15 Juni 2020

Die träumerisch-phantastische Seite der Science Fiction

Logbuch der Redaktion (vom 13. Juni 2020)

»Ich habe geträumt«, erzählte mir Walter Ernsting, als ich einmal mit ihm sprach. »Ich habe davon geträumt, zum Mond und zu den Sternen zu fliegen.« Das habe ihm geholfen, als er in russischer Gefangenschaft so schwer erkrankt war. Diese träumerische Seite, dieser phantastische Einschlag – das gehört von Anfang an zum Wesenskern der PERRY RHODAN-Serie und hat dazu beigetragen, dass sie so ein Erfolg wurde.

Selbstverständlich ist die Serie nicht ohne die Vorarbeiten von Karl-Herbert Scheer denkbar. Der Autor entwickelte die Technik, von ihm stammen die Grundlagen für die Raumschiffe und auch für die Völker. Scheer war derjenige, der die Exposés strukturierte und damit schon 1961 dafür sorgte, dass die Serie auf ein Fundament gestellt wurde, auf das andere Autoren bauen konnten. Ohne Scheers Struktur und ohne seine Ingenieursgedanken wäre die Serie nicht über die ersten zwanzig Romane hinaus gekommen.

Ich bin mir aber in einem sicher: Scheer allein hätte die Serie auch nicht so weit entwickelt. Bekannt ist, dass sich die beiden Gründungsautoren nicht nur im Vorfeld von »Unternehmen Stardust« mehrfach trafen, sondern später ebenfalls oft zusammensaßen. Gemeinsam entwickelten die beiden ihre Ideen, und manchmal war hinterher nicht mehr nachvollziehbar, wer jetzt welche Idee hatte.

Scheer war der Autor, der die Ideen in Exposés goss. Wenn er später von sich sagte, er habe alles erfunden, auch Gucky, war das sicher nicht gelogen. Nur war er eben nicht allein – es gab vor allem in den ersten Jahren immer einen Kopiloten bei der langen Reise der Science-Fiction-Serie in ihre damals noch völlig offene Zukunft.

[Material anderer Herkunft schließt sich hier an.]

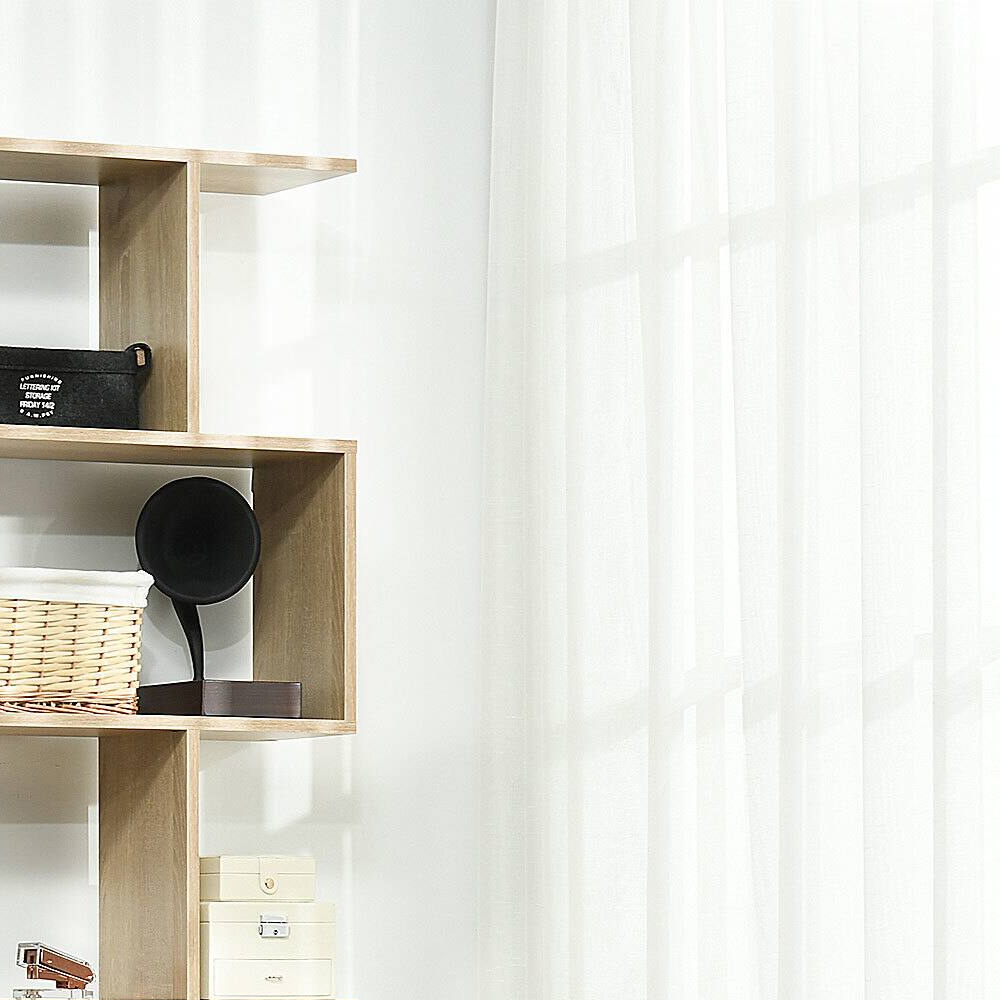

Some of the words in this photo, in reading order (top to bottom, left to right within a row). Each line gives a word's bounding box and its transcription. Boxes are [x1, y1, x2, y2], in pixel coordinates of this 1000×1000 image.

[20, 383, 50, 391] LETTERING
[24, 391, 52, 400] STORAGE
[20, 400, 41, 409] FRIDAY

Dieser Kopilot war Walter Ernsting, der heute hundert Jahre alt geworden wäre. Als Clark Darlton war er für die träumerisch-phantastische Seite der PERRY RHODAN-Serie zuständig.

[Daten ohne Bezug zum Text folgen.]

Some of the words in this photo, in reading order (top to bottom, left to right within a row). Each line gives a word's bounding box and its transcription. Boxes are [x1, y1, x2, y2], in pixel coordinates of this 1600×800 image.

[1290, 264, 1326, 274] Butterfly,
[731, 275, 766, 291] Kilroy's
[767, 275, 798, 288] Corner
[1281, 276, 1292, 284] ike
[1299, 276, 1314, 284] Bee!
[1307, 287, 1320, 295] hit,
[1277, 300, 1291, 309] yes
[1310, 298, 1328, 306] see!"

Es lässt sich in gewisser Weise nachspüren, wo die Clark-Darlton-Ideen »gelandet« sind. Die Figur des Mausbibers Gucky ist für mich eindeutig. Sicher haben die beiden Gründungsautoren gemeinsam die Grundlagen für Gucky gelegt. Doch die Ausarbeitung, die übernahm Clark Darlton.

Er entwickelte in seinen Romanen – nicht durch Exposés! – einen Außerirdischen mit unglaublichen Fähigkeiten. Gucky ist ein echter Riese mit seinen Geistesgaben, der durch seine kleine Gestalt eher harmlos wirkt. Von Darlton stammen die frechen Sprüche, die Sucht nach Mohrrüben und die große Trauer im Leben des einzigen Ilts. Anhand von Gucky karikierte Darlton im Verlauf der Jahre immer wieder aktuelle Themen: So veröffentlicht der Mausbiber angeblich Romane – und damit schrieb Darlton eine Satire auf die Arbeit von Schriftstellern – oder neigt zu fürchterlicher Selbstüberschätzung.

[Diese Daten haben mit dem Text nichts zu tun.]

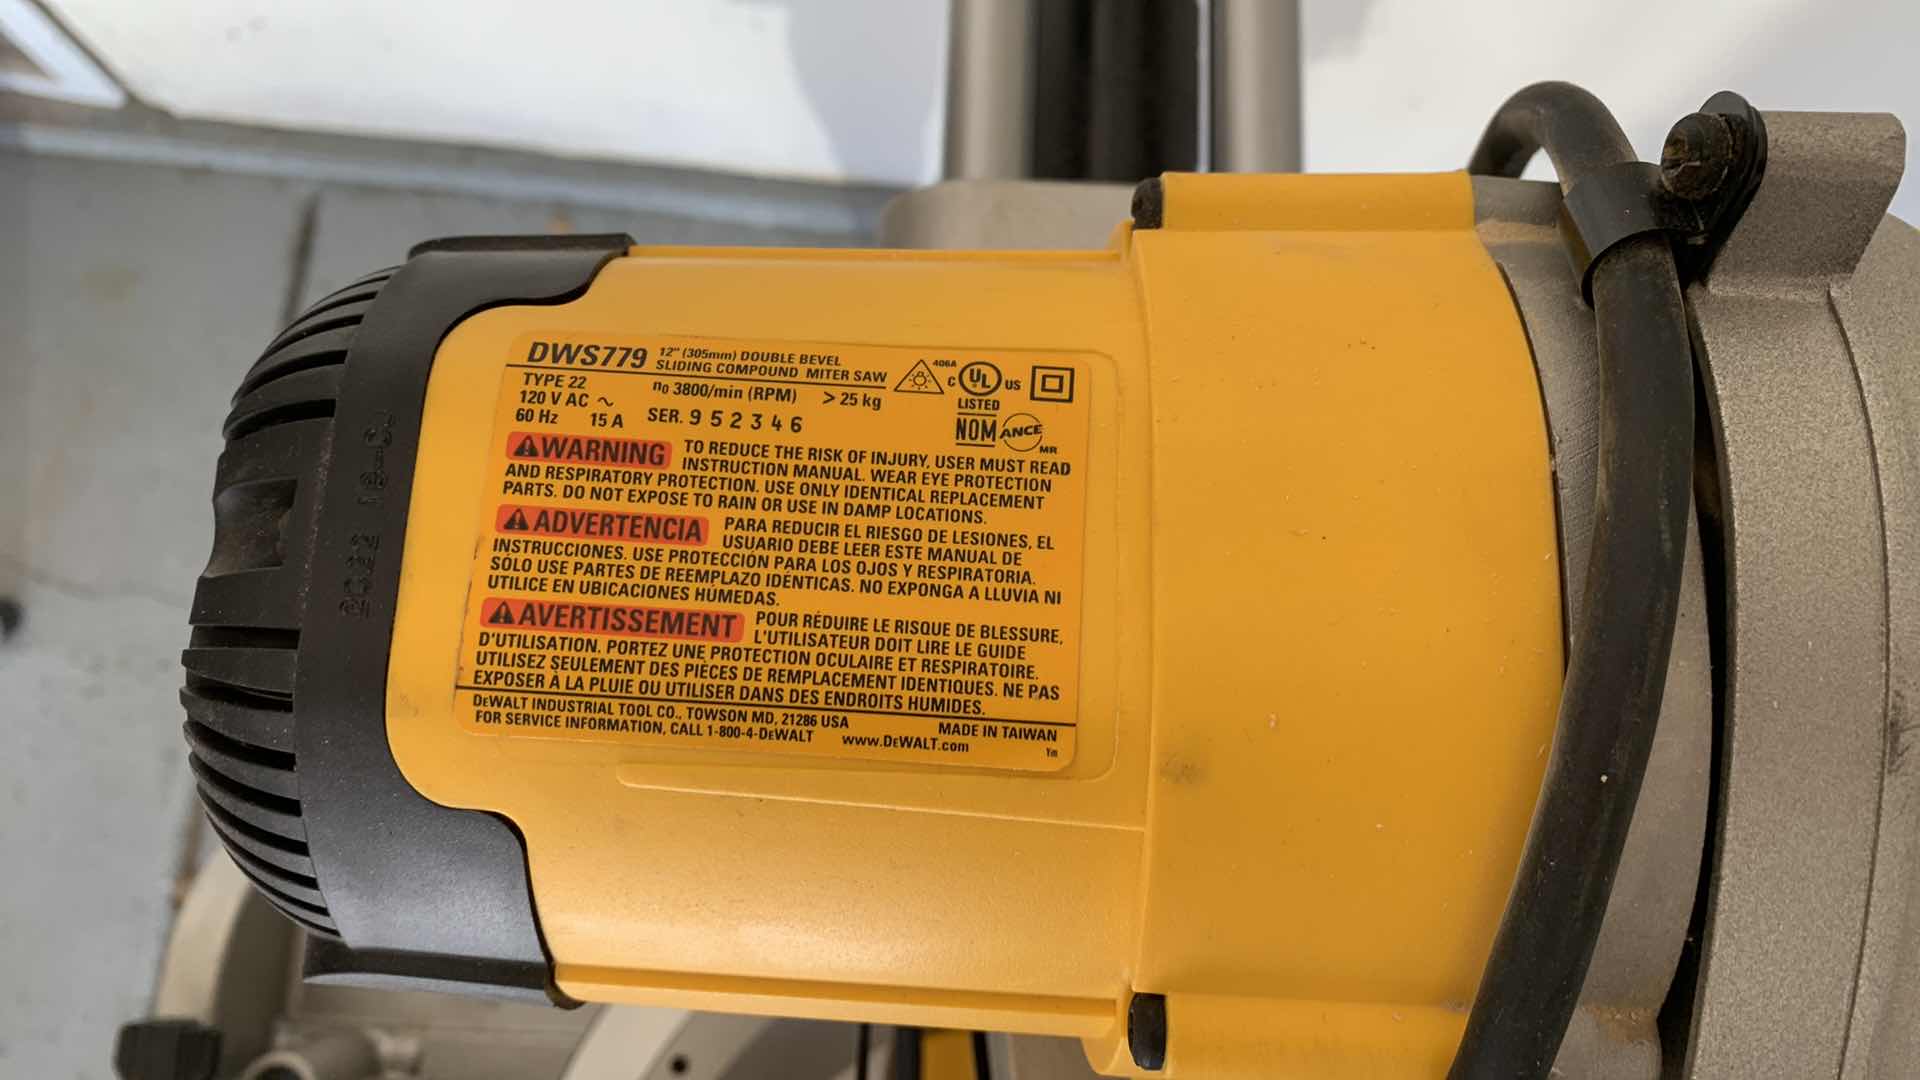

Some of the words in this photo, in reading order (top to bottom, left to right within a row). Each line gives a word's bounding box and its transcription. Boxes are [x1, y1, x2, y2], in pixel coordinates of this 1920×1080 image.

[527, 341, 648, 369] DWS779
[682, 347, 737, 362] (305mm)
[740, 351, 796, 364] DOUBLE
[799, 354, 841, 366] BEVEL
[524, 372, 565, 388] TYPE
[568, 376, 587, 389] 22
[656, 359, 712, 373] SLIDING
[716, 363, 799, 378] COMPOUND
[806, 368, 849, 381] MITER
[853, 370, 887, 383] SAW
[1005, 379, 1021, 391] US
[520, 390, 546, 405] 120
[565, 392, 589, 407] AC
[673, 382, 743, 399] 3800/min
[748, 386, 797, 404] (RPM)
[840, 392, 858, 406] 25
[862, 393, 881, 411] kg
[958, 398, 1000, 411] LISTED
[515, 408, 534, 422] 60
[539, 409, 558, 424] Hz
[591, 413, 607, 427] 15
[648, 407, 682, 424] SER.
[955, 417, 997, 442] NOM
[999, 424, 1043, 439] ANCE
[542, 437, 664, 465] WARNING
[684, 439, 704, 454] TO
[708, 441, 770, 458] REDUCE
[774, 445, 803, 460] THE
[808, 447, 843, 463] RISK
[848, 450, 867, 464] OF
[871, 451, 930, 469] INJURY,
[935, 455, 975, 470] USER
[980, 457, 1025, 473] MUST
[1030, 460, 1071, 476] READ
[505, 463, 540, 478] AND
[545, 465, 653, 485] RESPIRATORY
[657, 473, 759, 493] PROTECTION.
[765, 480, 795, 495] USE
[800, 482, 840, 497] ONLY
[844, 485, 925, 503] IDENTICAL
[930, 490, 1045, 509] REPLACEMENT
[682, 457, 788, 477] INSTRUCTION
[793, 464, 865, 482] MANUAL.
[870, 469, 917, 485] WEAR
[922, 472, 949, 487] EYE
[954, 473, 1051, 493] PROTECTION
[503, 480, 557, 497] PARTS.
[563, 484, 585, 499] DO
[590, 486, 624, 501] NOT
[627, 489, 689, 506] EXPOSE
[693, 493, 713, 508] TO
[718, 495, 757, 511] RAIN
[761, 497, 782, 512] OR
[787, 499, 817, 514] USE
[822, 501, 839, 516] IN
[843, 502, 892, 518] DAMP
[896, 505, 986, 524] LOCATIONS.
[534, 510, 701, 542] ADVERTENCIA
[724, 516, 767, 533] PARA
[772, 520, 840, 537] REDUCIR
[844, 524, 861, 539] EL
[866, 525, 923, 542] RIESGO
[928, 529, 947, 544] DE
[952, 530, 1032, 550] LESIONES,
[1037, 535, 1054, 550] EL
[493, 538, 627, 560] INSTRUCCIONES.
[633, 547, 664, 563] USE
[668, 549, 769, 569] PROTECCIÓN
[774, 556, 817, 573] PARA
[822, 558, 851, 574] LOS
[856, 560, 898, 577] OJOS
[917, 564, 1035, 585] RESPIRATORIA.
[723, 534, 793, 553] USUARIO
[798, 539, 840, 555] DEBE
[844, 542, 880, 557] LEER
[885, 544, 923, 560] ESTE
[927, 547, 997, 565] MANUAL
[1002, 551, 1022, 566] DE
[488, 574, 548, 592] UTILICE
[552, 578, 575, 594] EN
[579, 580, 690, 601] UBICACIONES
[695, 585, 779, 606] HÚMEDAS.
[490, 554, 532, 573] SÓLO
[537, 559, 569, 575] USE
[573, 561, 635, 579] PARTES
[640, 565, 661, 581] DE
[665, 567, 761, 587] REEMPLAZO
[766, 571, 854, 592] IDÉNTICAS.
[860, 579, 883, 594] NO
[888, 581, 964, 599] EXPONGA
[984, 587, 1039, 603] LLUVIA
[1044, 590, 1061, 605] NI
[518, 603, 737, 637] AVERTISSEMENT
[756, 611, 798, 627] POUR
[803, 612, 868, 632] RÉDUIRE
[873, 618, 890, 633] LE
[894, 619, 951, 637] RISQUE
[956, 623, 975, 638] DE
[980, 624, 1063, 645] BLESSURE,
[479, 632, 601, 653] D'UTILISATION.
[606, 639, 668, 657] PORTEZ
[672, 643, 705, 660] UNE
[710, 646, 811, 666] PROTECTION
[816, 652, 894, 671] OCULAIRE
[898, 657, 917, 672] ET
[921, 658, 1038, 680] RESPIRATOIRE.
[754, 629, 870, 650] L'UTILISATEUR
[875, 637, 913, 653] DOIT
[917, 639, 950, 656] LIRE
[955, 641, 972, 657] LE
[977, 643, 1026, 660] GUIDE
[476, 651, 546, 669] UTILISEZ
[550, 655, 646, 675] SEULEMENT
[649, 661, 679, 678] DES
[684, 661, 738, 681] PIÈCES
[743, 666, 763, 682] DE
[767, 668, 897, 690] REMPLACEMENT
[901, 676, 997, 696] IDENTIQUES.
[1003, 682, 1024, 698] NE
[1028, 684, 1060, 701] PAS
[473, 670, 545, 688] EXPOSER
[565, 675, 584, 691] LA
[589, 676, 634, 694] PLUIE
[638, 680, 661, 696] OU
[665, 681, 735, 700] UTILISER
[739, 686, 784, 703] DANS
[789, 688, 820, 705] DES
[824, 690, 903, 710] ENDROITS
[908, 696, 985, 715] HUMIDES.
[475, 709, 502, 724] FOR
[505, 712, 561, 728] SERVICE
[565, 716, 666, 735] INFORMATION,
[670, 722, 703, 736] CALL
[532, 698, 614, 715] INDUSTRIAL
[618, 703, 653, 717] TOOL
[686, 707, 748, 723] TOWSON
[751, 711, 778, 726] MD,
[781, 712, 818, 727] 21286
[821, 715, 849, 729] USA
[938, 722, 979, 737] MADE
[983, 725, 998, 738] IN
[1002, 726, 1057, 742] TAIWAN

Über Gucky könnte man ganze Bücher schreiben. Die Figur ist noch lange nicht »auserzählt«, und das liegt sicher daran, dass Darlton sie so gut und so interessant angelegt hat.

Doch Gucky ist nicht die einzige Figur, die Darlton so prägte: Harno, die geheimnisvolle Energiekugel, zählt ebenso dazu wie Ernst Ellert, der Teletemporarier. Bei ihnen handelt es sich um Wesen, die den Grenzen von Raum und Zeit entrinnen, die durch die Unendlichkeit reisen, die unglaubliche Fähigkeiten haben und doch von einer großen Tragik umgeben sind.

Das ist nicht alles. In der Jagd nach der Unsterblichkeit, in der Superintelligenz ES, in den geheimnisvollen Barkoniden oder dem mysteriösen Raumschiff der Ahnen – in all diesen Handlungsabschnitten geht es nicht um die technisch-wissenschaftliche Utopie, wie sie Scheer verkörperte, sondern um die phantastische Seite der Science Fiction, die eindeutig von Clark Darlton kam.

Ohne die Exposés und die Technik gäbe es PERRY RHODAN nicht mehr; dafür muss man dem Ideenreichtum Scheers immer dankbar sein. Aber ohne die Träume und Phantasien eines Clark Darlton wäre sie ebenfalls nicht so weit gekommen.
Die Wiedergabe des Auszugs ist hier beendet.